Feds warn Snohomish County to listen to airline

EVERETT — If Snohomish County refuses to bend to accommodate an airline that wants to fly out of Paine Field, the federal government will pull its funding for runway improvements and other airport projects.

The warning was issued this week in a letter from the Federal Aviation Administration to the county, which owns and operates the airport.

Allegiant Air, a Las Vegas-based airline, wrote the county last month expressing interest in running two to four flights per week from Paine Field to Las Vegas.

County Executive Aaron Reardon and three of the five County Council members quickly opposed the plan. They wrote a letter to Allegiant Air saying the county would not pay for any improvements to the airport’s small terminal or other facilities to help the airline.

This week, the council voted 4-1 for a resolution officially opposing the plan.

“Failure to negotiate in good faith may subject the county to an enforcement action,” wrote Carol Key, manager of the Seattle Airports District Office of the Federal Aviation Administration. “To comply with your grant assurances and ensure continued receipt of federal funding, you must negotiate in good faith with Allegiant Air.”

The letter was dated Wednesday, the same day the County Council passed its resolution.

The federal government has spent $52 million on the airport since 1945. That gives federal authorities leverage over how the airport is used.

Airport operators who take federal funds are prohibited from discriminating against any type of aviation use, including commercial service. While an airport operator is not obligated to pay for improvements to accommodate an airline, they must provide space if it’s available, Key said Friday.

“They have to provide the space for them to initiate service,” she said. “That doesn’t mean you have to build them a terminal.”

In this case, getting the airport ready for passenger flights could take as little as moving a modular building in to serve as a terminal. Allegiant Air has yet to respond to the county’s original refusal letter.

Key said the only case she knows of in which an airport refused passenger air service was Centennial Airport in the Denver suburbs, one not unlike Paine Field. In the 1990s, Arapahoe County, the airport’s operator, voted twice to ban commercial service. As a result, the airport had its funding pulled.

“They are now back in compliance,” Key said. “They changed their minds. They needed their runway reconstructed.”

Even so, the airport kept commercial passenger service out.

Snohomish County remains opposed to passenger service despite the FAA’s letter, said Christopher Schwarzen, a spokesman for Reardon.

“But we have every intention of following the law,” Schwarzen said. “And the FAA in its letter points out certain legal obligations to us, and we are reviewing those obligations now.”
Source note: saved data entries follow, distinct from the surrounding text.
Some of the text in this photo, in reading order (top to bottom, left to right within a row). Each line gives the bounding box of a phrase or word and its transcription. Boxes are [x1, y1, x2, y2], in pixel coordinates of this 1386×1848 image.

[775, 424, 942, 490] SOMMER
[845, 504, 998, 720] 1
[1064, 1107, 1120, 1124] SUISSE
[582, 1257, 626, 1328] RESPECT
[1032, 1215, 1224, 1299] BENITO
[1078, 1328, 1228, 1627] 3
The cities of Mukilteo, Edmonds, Lynnwood, Mountlake Terrace and Woodway have fought any suggestion of passenger service at the airport, which today primarily serves smaller private planes and Boeing operations. They contend noise from more flights would harm neighborhoods and interfere with other business at the airport.
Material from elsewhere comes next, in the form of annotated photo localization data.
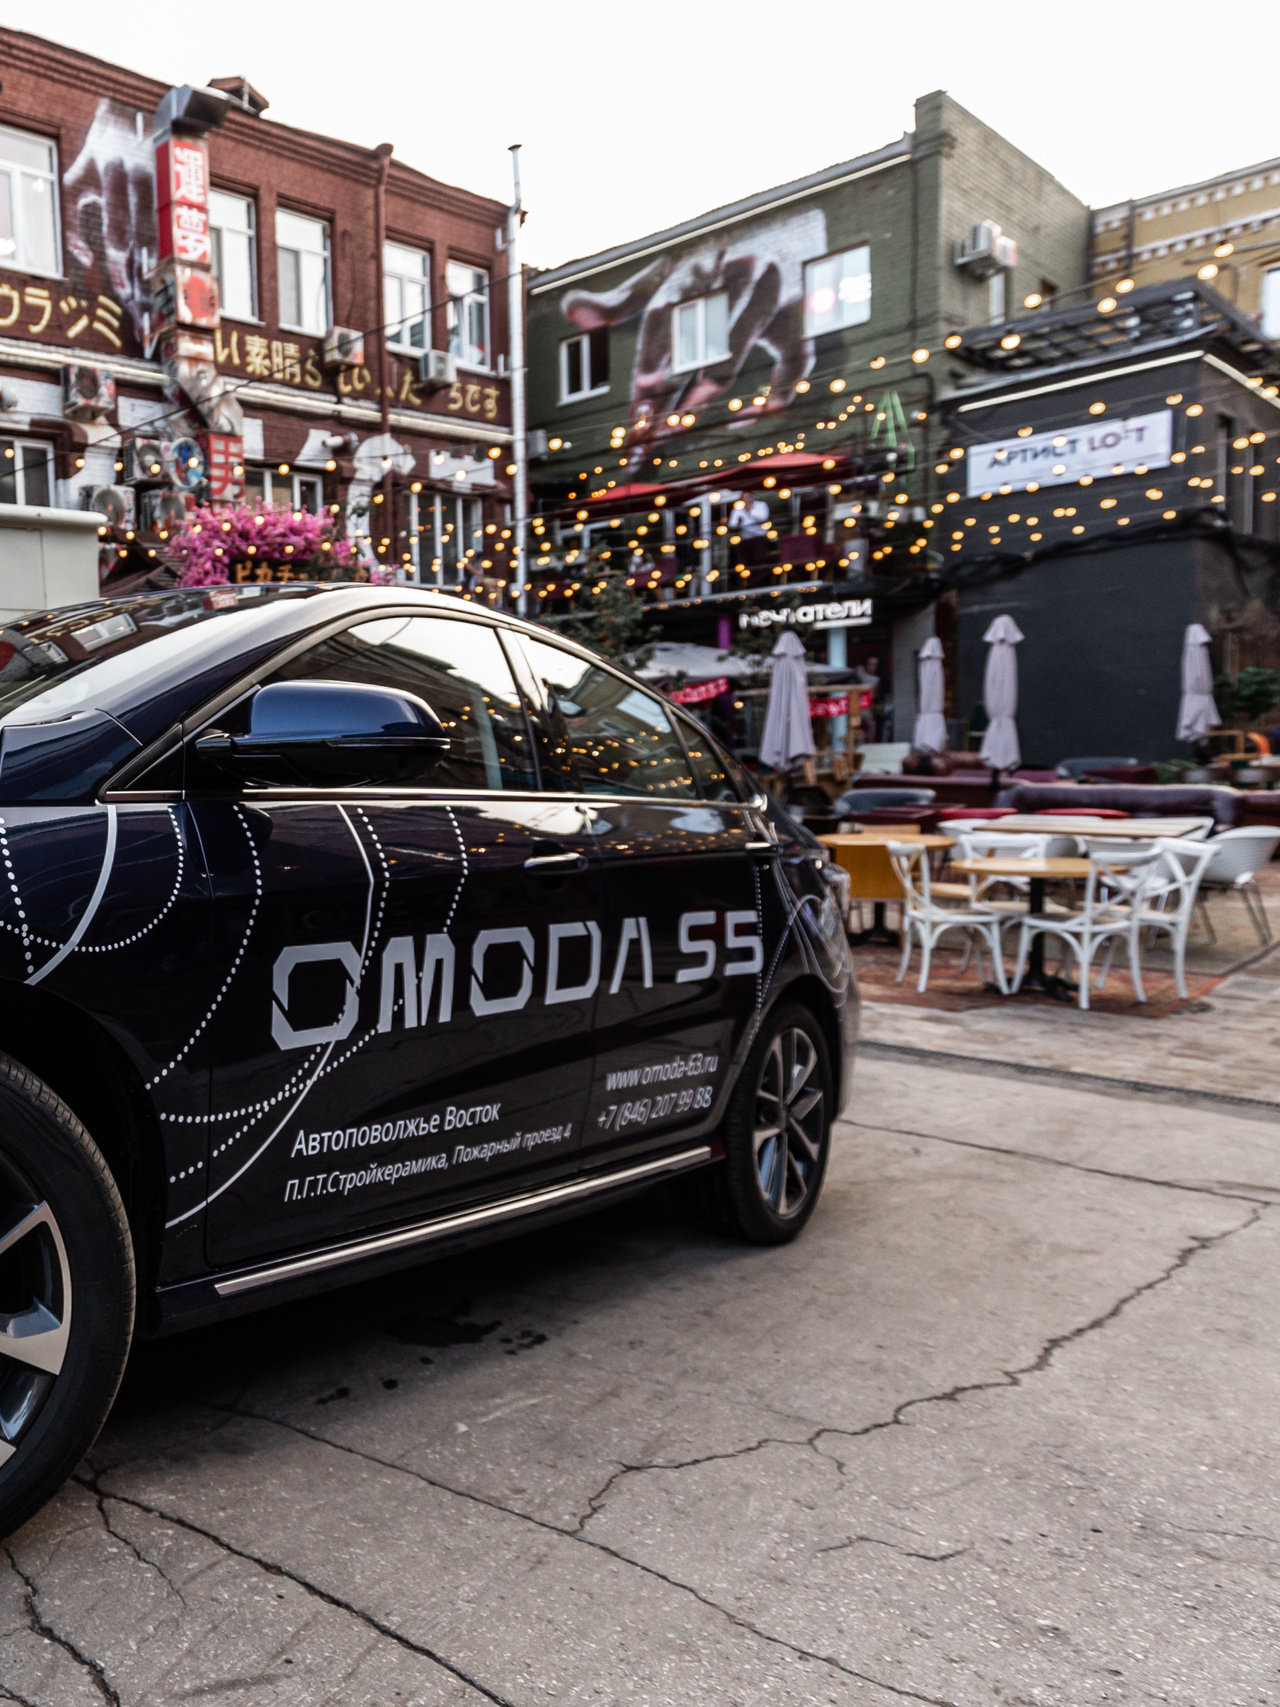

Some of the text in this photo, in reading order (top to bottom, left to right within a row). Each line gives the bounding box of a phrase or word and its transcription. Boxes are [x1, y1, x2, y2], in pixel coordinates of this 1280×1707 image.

[988, 438, 1080, 468] АРТИСТ
[271, 916, 654, 1051] OMODA
[291, 1102, 501, 1158] Автоповолжье Восток
[597, 1086, 713, 1131] +7 (846) 207 99 88
[451, 1132, 521, 1165] Пожарный
[521, 1126, 563, 1150] проезд
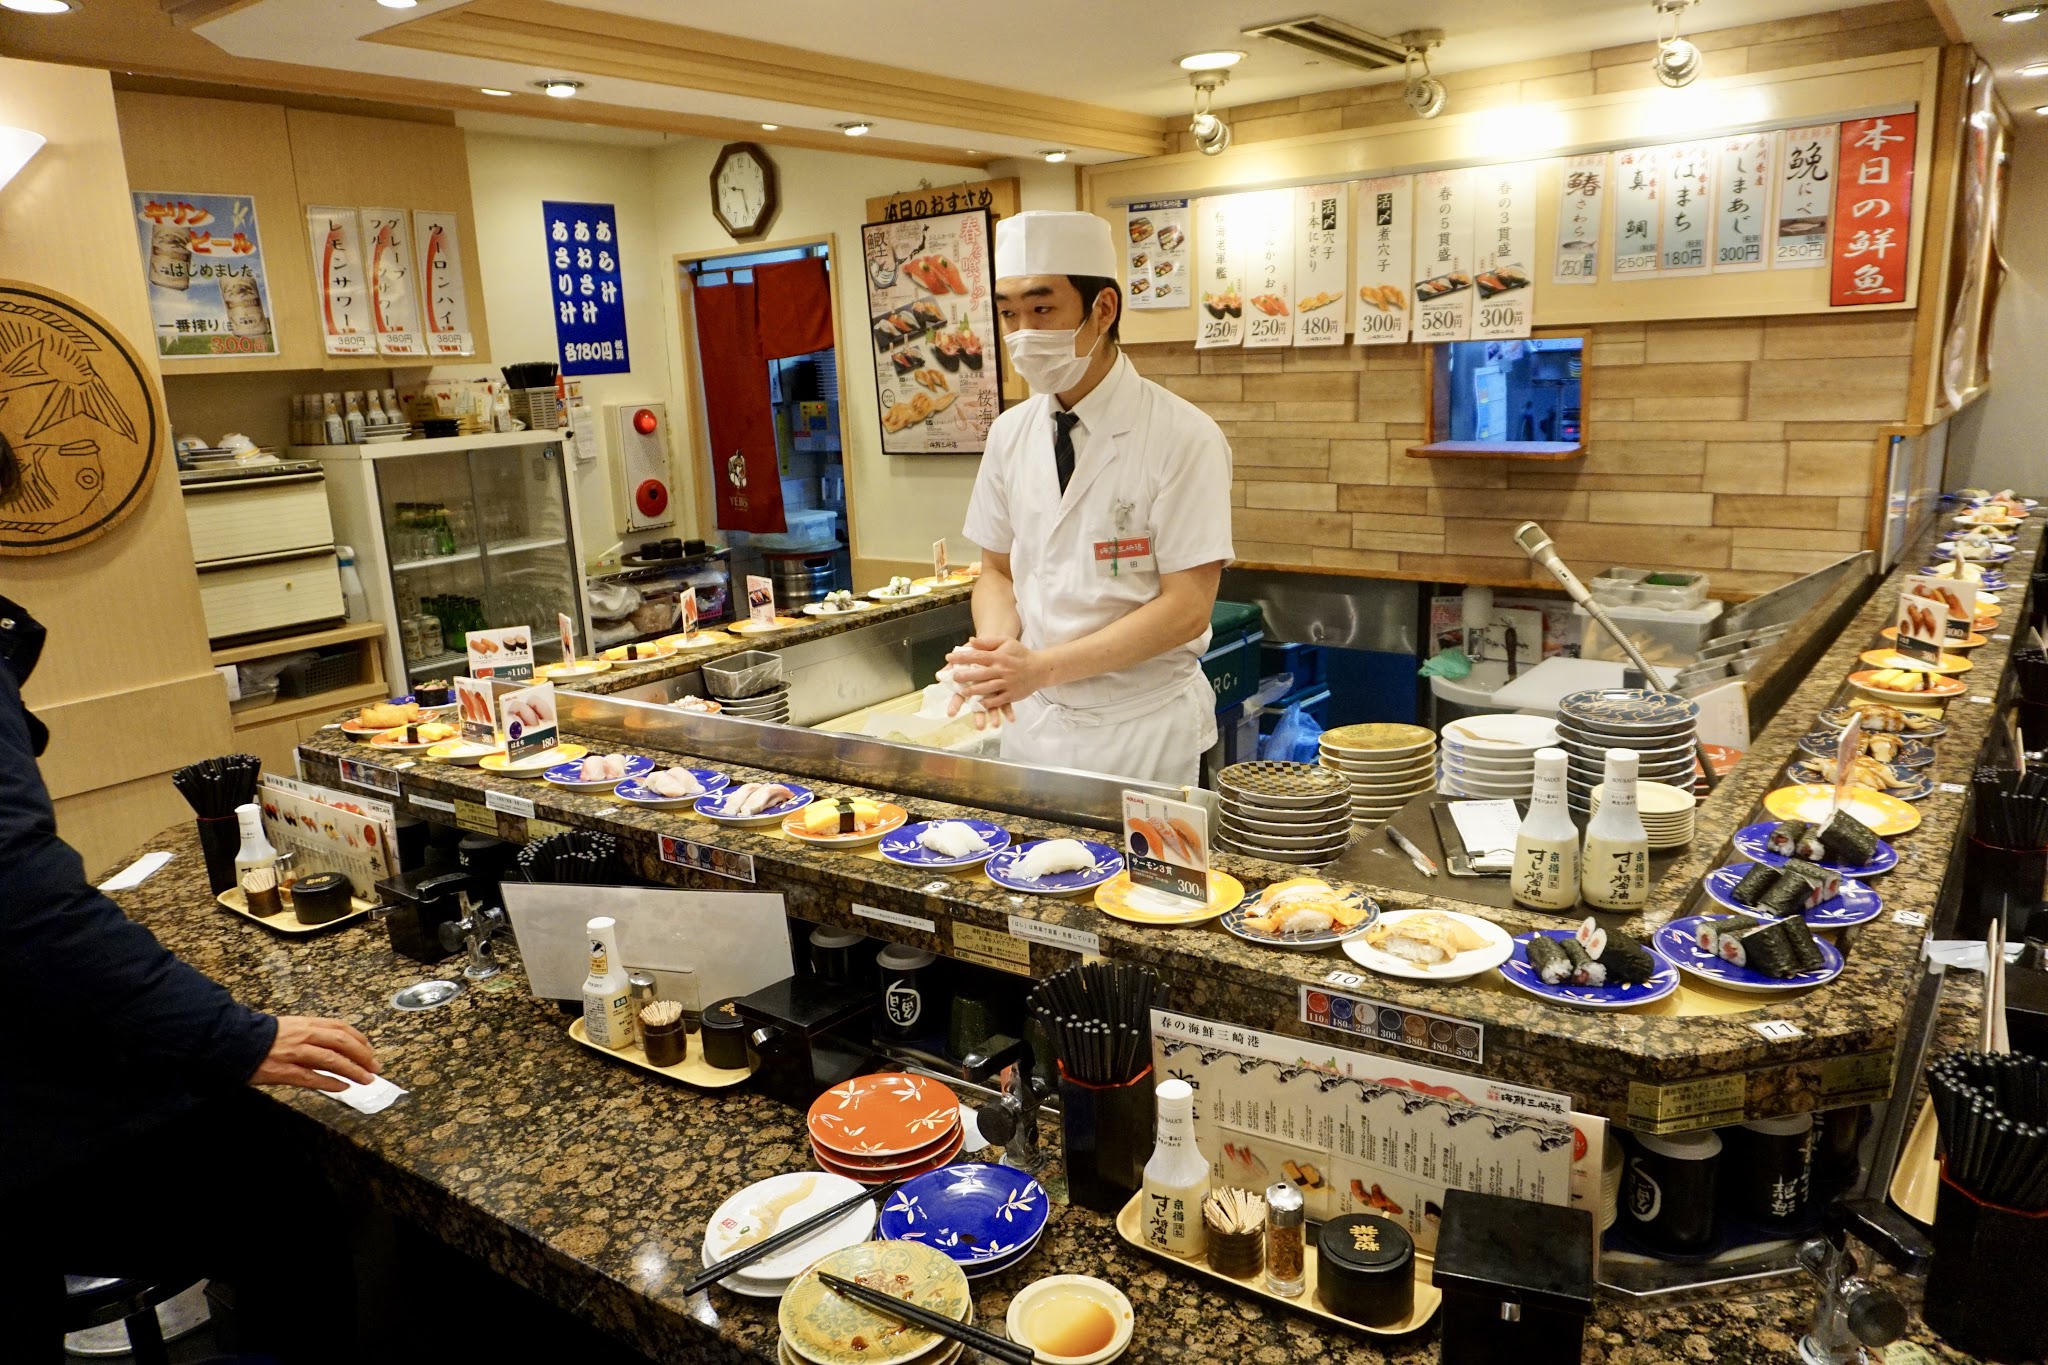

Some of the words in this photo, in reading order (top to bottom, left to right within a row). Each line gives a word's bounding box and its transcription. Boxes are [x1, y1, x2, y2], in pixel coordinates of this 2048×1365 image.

[1625, 169, 1648, 239] 真鯛
[1674, 163, 1696, 232] はまち
[1728, 157, 1750, 234] しまあじ
[144, 201, 209, 225] キリン
[1844, 119, 1905, 295] 本日の鮮魚
[1438, 186, 1452, 262] 春の5貫盛
[1497, 181, 1512, 258] 春の3貫盛
[189, 230, 253, 254] ビール
[1308, 202, 1320, 272] 1本にぎり
[388, 218, 407, 279] グレープ
[1664, 249, 1702, 265] 180円
[1720, 245, 1759, 261] 300円
[1778, 244, 1823, 259] 250円
[170, 262, 261, 280] はじめました。
[328, 219, 352, 326] レモンサワー
[552, 219, 577, 324] あさり汁
[574, 219, 599, 324] あおさ汁
[595, 220, 618, 304] あら汁
[1561, 258, 1593, 276] 250円
[1618, 255, 1656, 269] 250円
[429, 223, 455, 325] ウーロンハイ
[158, 318, 219, 333] 一番搾り
[1251, 319, 1286, 337] 250円
[1302, 316, 1338, 335] 480円
[1362, 314, 1402, 332] 300円
[1421, 311, 1462, 330] 580円
[1480, 308, 1523, 328] 300円
[387, 334, 413, 344] 380円
[436, 334, 462, 344] 380円
[1204, 321, 1238, 339] 250円
[211, 336, 267, 354] 300円
[337, 336, 366, 346] 380円
[564, 341, 613, 362] 各180円
[1131, 857, 1173, 875] サーモン3貫
[1524, 849, 1547, 897] すし醤油
[1609, 851, 1634, 900] すし醤油
[1177, 879, 1205, 898] 300円
[1332, 973, 1359, 985] 10
[1160, 1016, 1260, 1048] 春の海鮮三崎港
[1764, 1023, 1794, 1035] 11
[1501, 1093, 1565, 1115] 海鮮三崎港
[1150, 1193, 1171, 1246] すし醤油
[1172, 1199, 1184, 1222] 京樽
Others, including some county business leaders, favor air service, saying it would be good for the area’s economy.

Snohomish County Councilman Brian Sullivan said he plans to enlist the help of some of the state’s congressional delegation. He’d like to have a meeting with them soon in Washington, D.C.

“This will always be a battle,” he said.

Sullivan noted that King County successfully turned down Southwest Airlines’ proposal in 2005 to build a terminal and run flights out of Boeing Field in Seattle. Key noted that Alaska Airlines also was involved in the proposal, and King County showed it could not accommodate both carriers at Boeing Field.

“That doesn’t make sense to me, because they would have to say yes to one or the other,” Sullivan said.

County Councilman John Koster was the lone “no” vote in last week’s resolution.

“This has been one of my main concerns with doing the resolution, was jeopardizing those grants,” Koster said.

“You can’t respond in a fashion that’s knee-jerk,” he said. “You have to negotiate in good faith and the FAA validated that in the letter.”